Nach der am 4. Februar 2025 in Kraft getretenen Neuregelung des § 88 Abs. 3 Satz 2 Schulgesetz setzt die Aufnahme einer Schülerin oder eines Schülers in das allgemeinbildende Gymnasium neben einem entsprechenden Elternwillen entweder eine Empfehlung der Grundschule oder die erfolgreiche Teilnahme an einer Kompetenzmessung (sog. „Kompass 4“-Test) voraus. Kann ein Schüler oder eine Schülerin weder erfolgreiche Kompetenzmessung noch Empfehlung der Grundschule vorweisen, ermöglicht die erfolgreiche (freiwillige) Teilnahme am Potenzialtest die Aufnahme ins Gymnasium. Einzelheiten des Aufnahmeverfahrens sind in der am 5. Februar 2025 in Kraft getretenen Aufnahmeverordnung enthalten.
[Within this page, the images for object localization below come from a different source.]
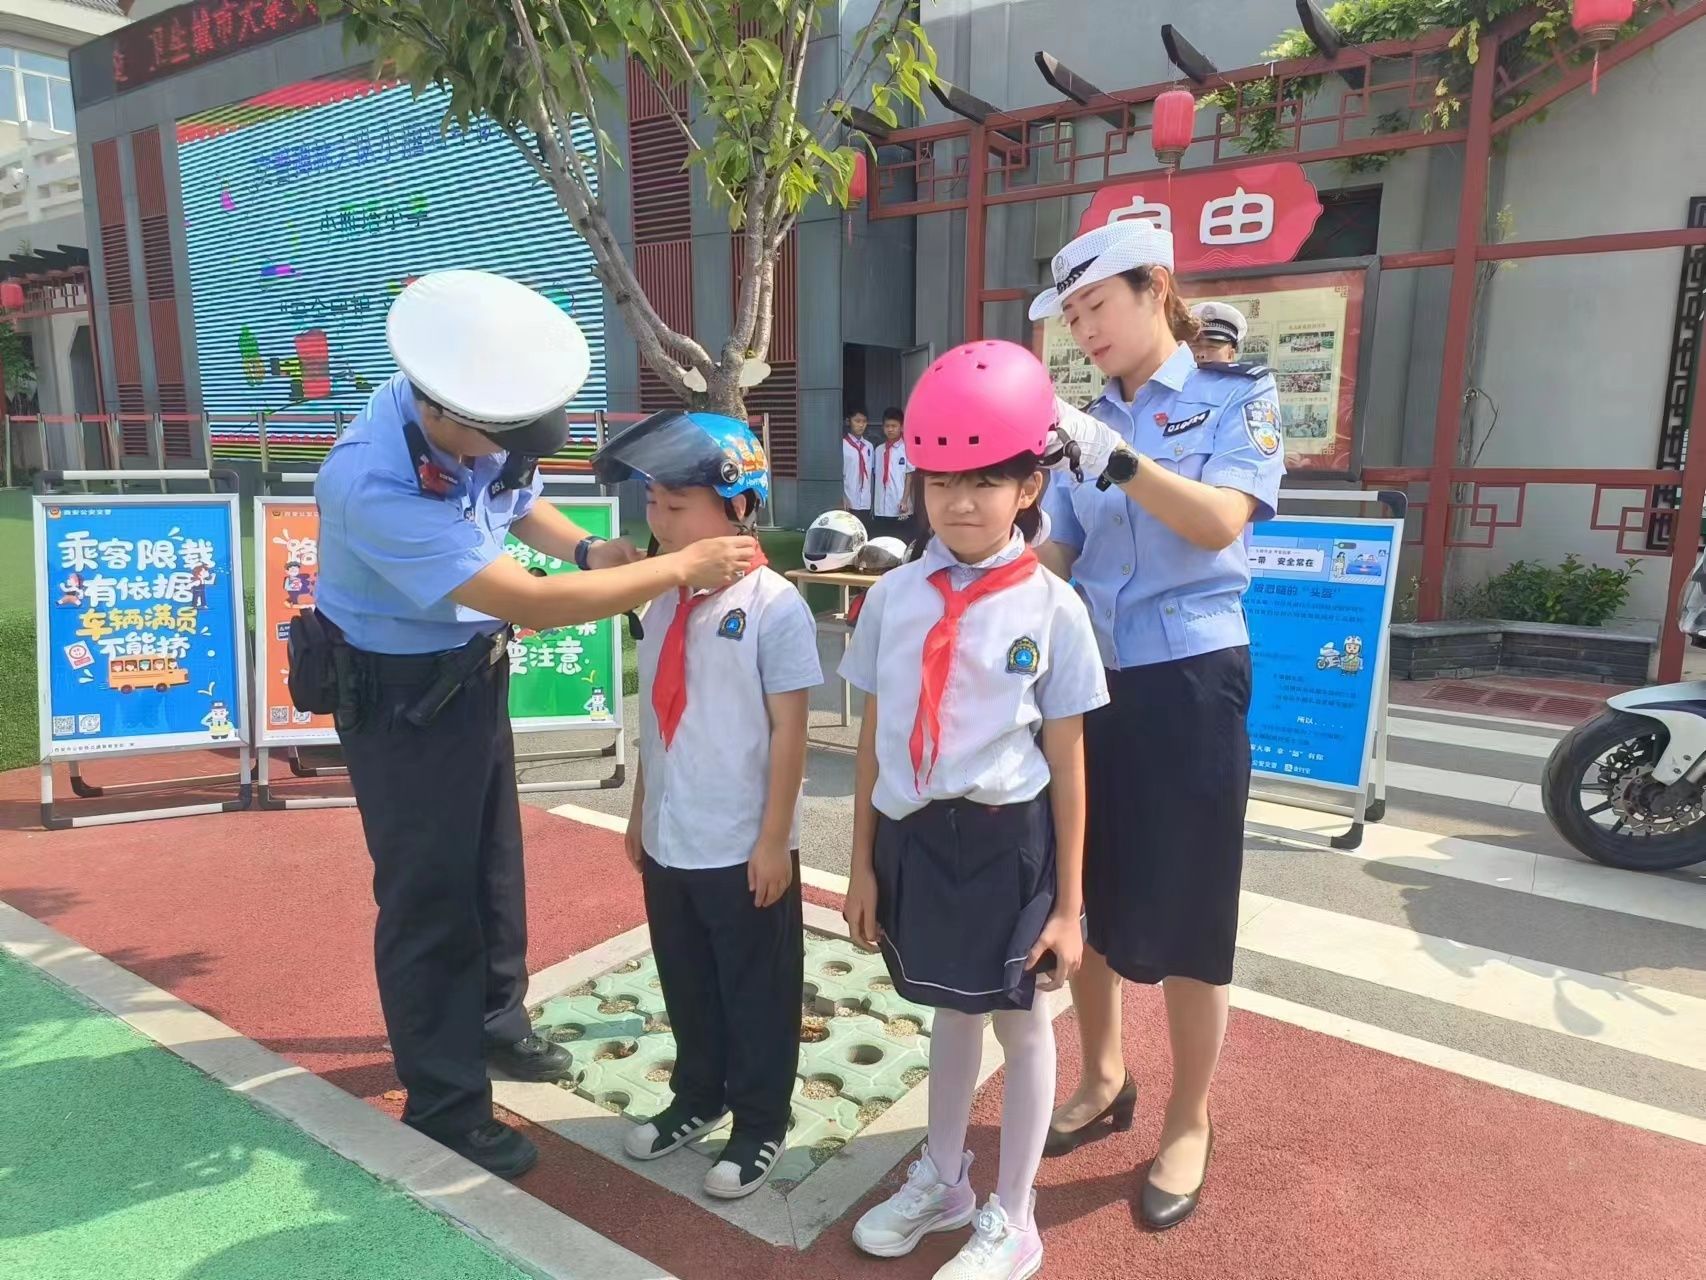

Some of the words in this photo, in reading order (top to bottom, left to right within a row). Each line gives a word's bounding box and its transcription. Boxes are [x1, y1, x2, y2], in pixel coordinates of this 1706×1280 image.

[59, 531, 215, 571] 乘客限载
[84, 573, 194, 607] 有依据
[76, 604, 197, 640] 车辆满员
[99, 632, 190, 658] 不能挤
[507, 635, 584, 675] 要注意
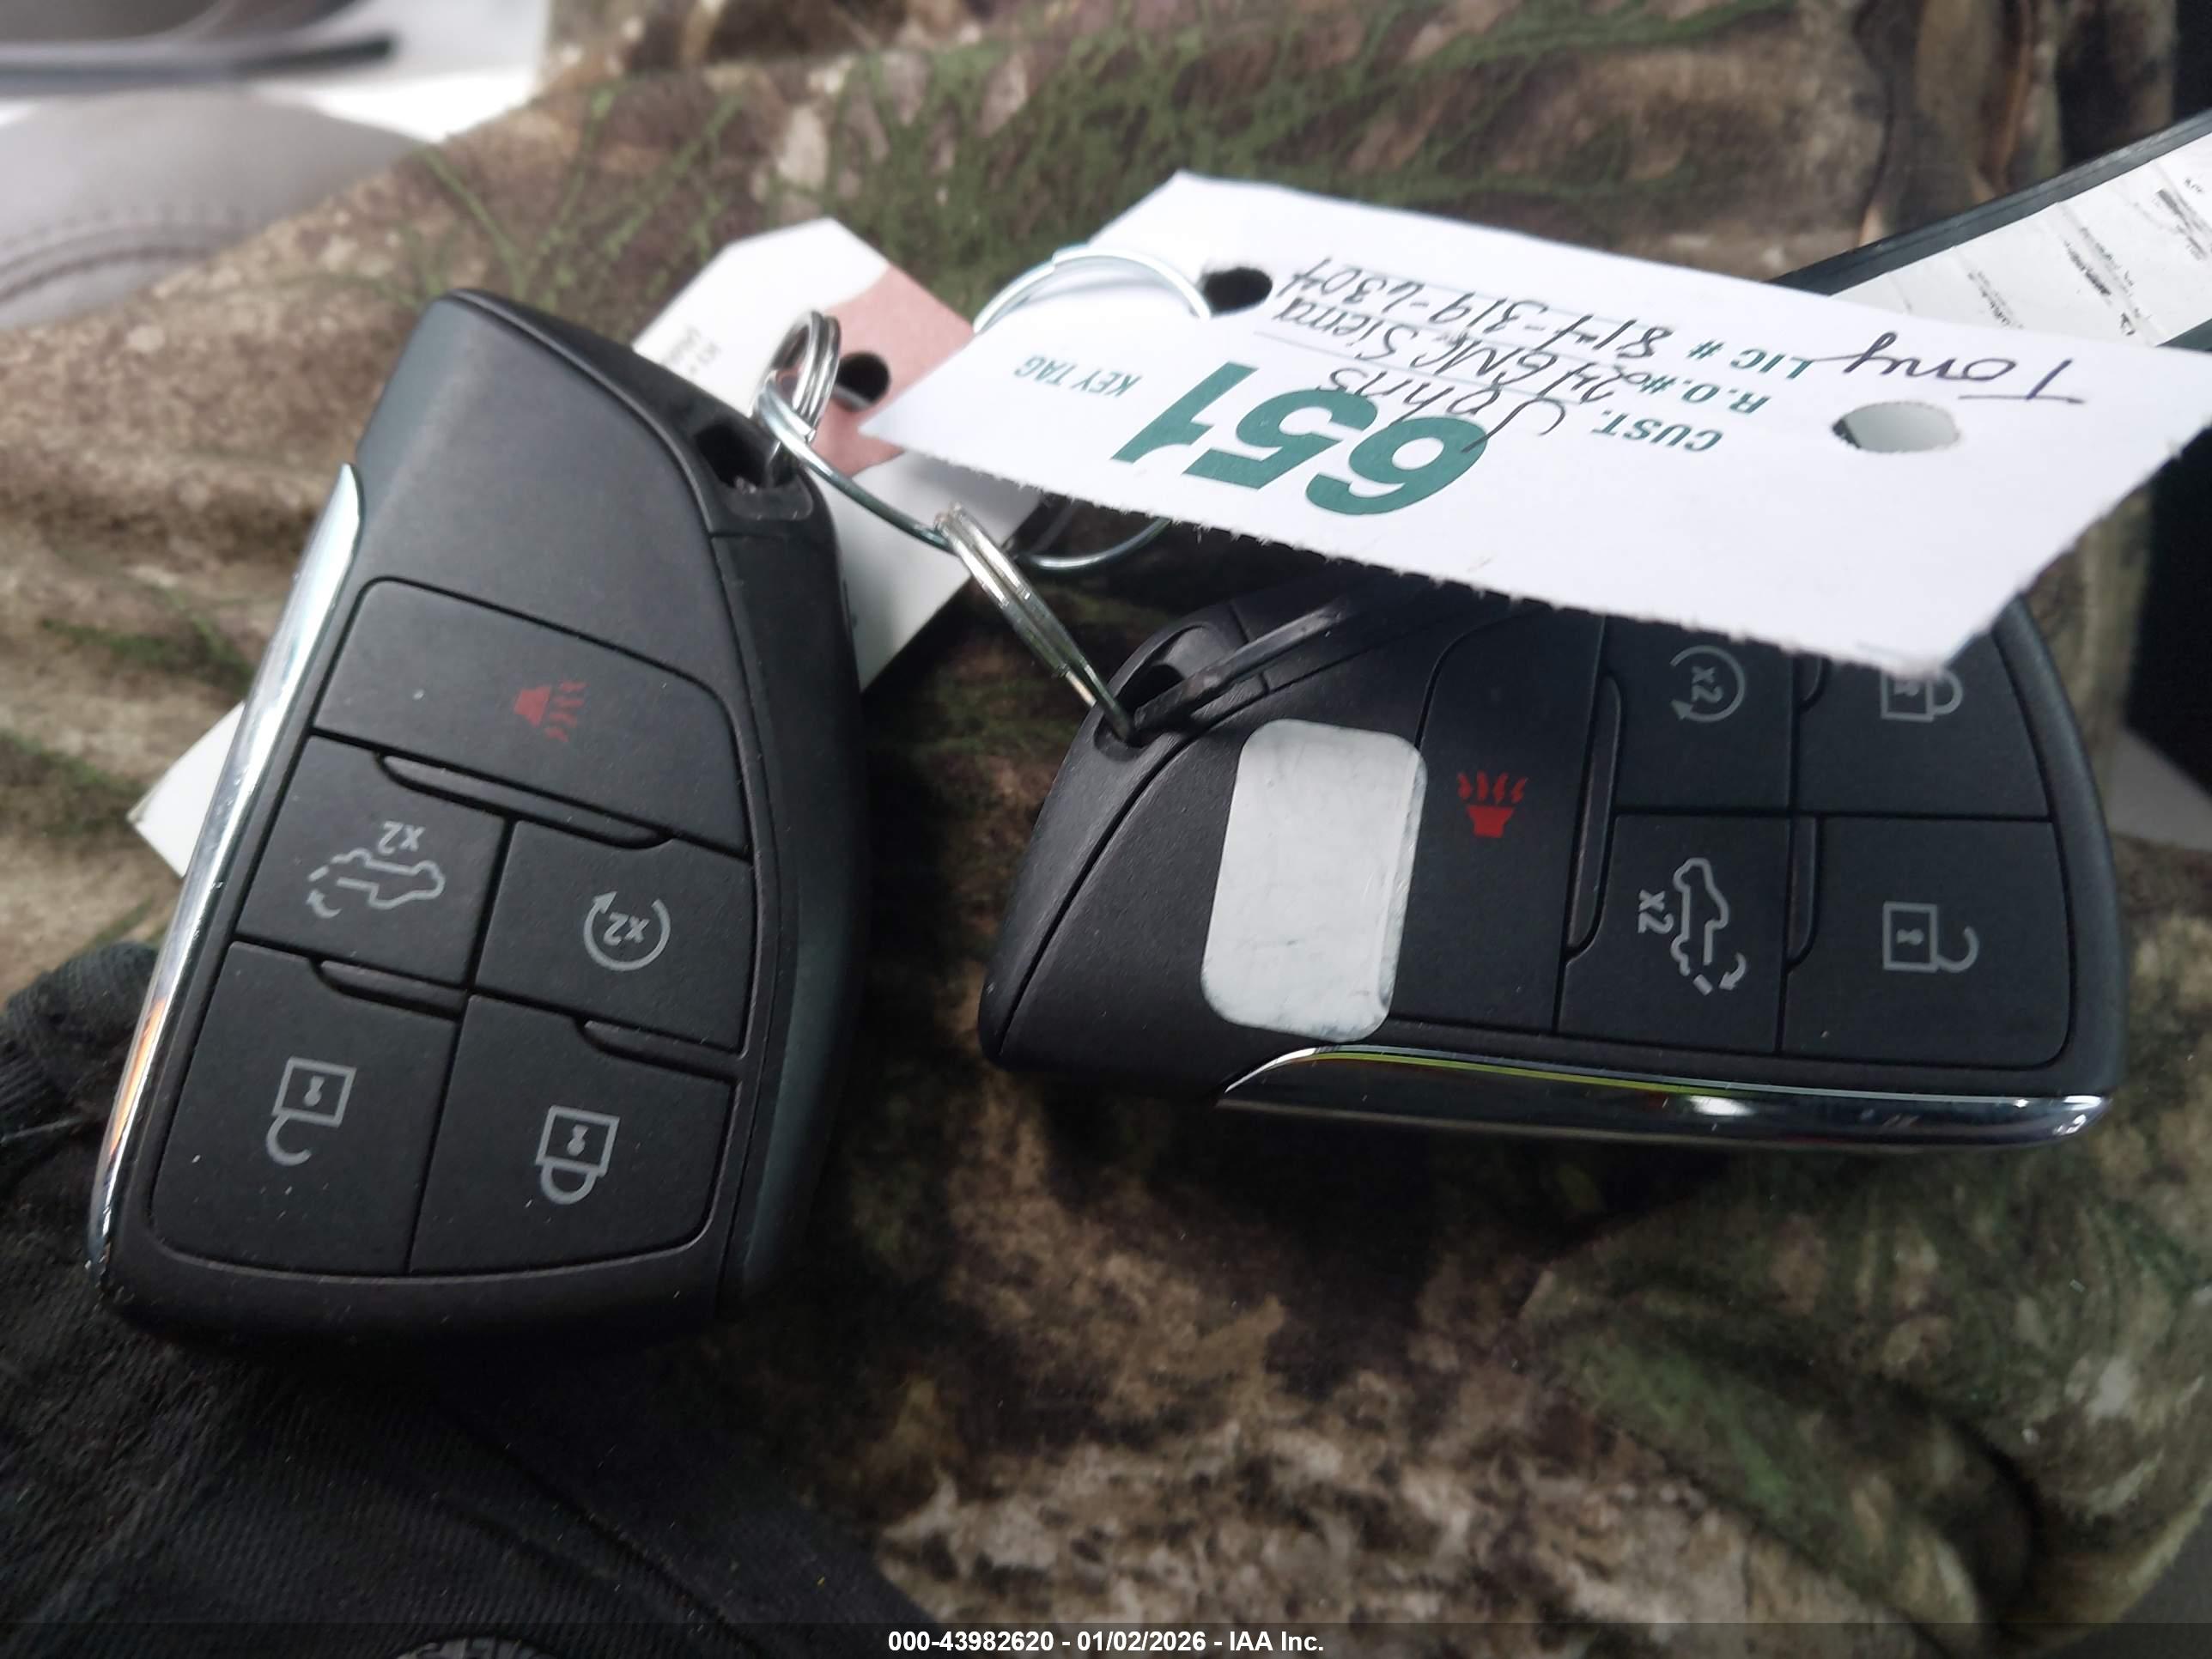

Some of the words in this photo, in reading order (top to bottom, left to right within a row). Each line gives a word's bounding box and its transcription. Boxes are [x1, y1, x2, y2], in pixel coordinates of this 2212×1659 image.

Die Antragsteller haben als Schüler der 4. Grundschulklasse an der Kompetenzmessung teilgenommen, ohne das für den Besuch eines Gymnasiums erforderliche Niveau zu erreichen. Auch die Grundschule stellte ihnen nicht die erforderliche Empfehlung aus. Nachdem auch der Potenzialtest erfolglos blieb, verweigerte ihnen das Gymnasium die Aufnahme. Einen Eilantrag, mit dem sie die vorläufige Teilnahme am Unterricht der Klassenstufe 5 eines Gymnasiums erreichen wollten, lehnte das Verwaltungsgericht Stuttgart mit Beschluss vom 10. Juni 2025 - 12 K 3938/25 - ab.
Entscheidung des Verwaltungsgerichtshofs In seinem Beschluss vom 15. September 2025, mit dem er die Beschwerde der Antragsteller zurückgewiesen hat, äußert der Senat Bedenken, ob es für die derzeitige Regelung und Praxis über die Zugangsvoraussetzungen zum Gymnasium eine ausreichende gesetzliche Grundlage gibt.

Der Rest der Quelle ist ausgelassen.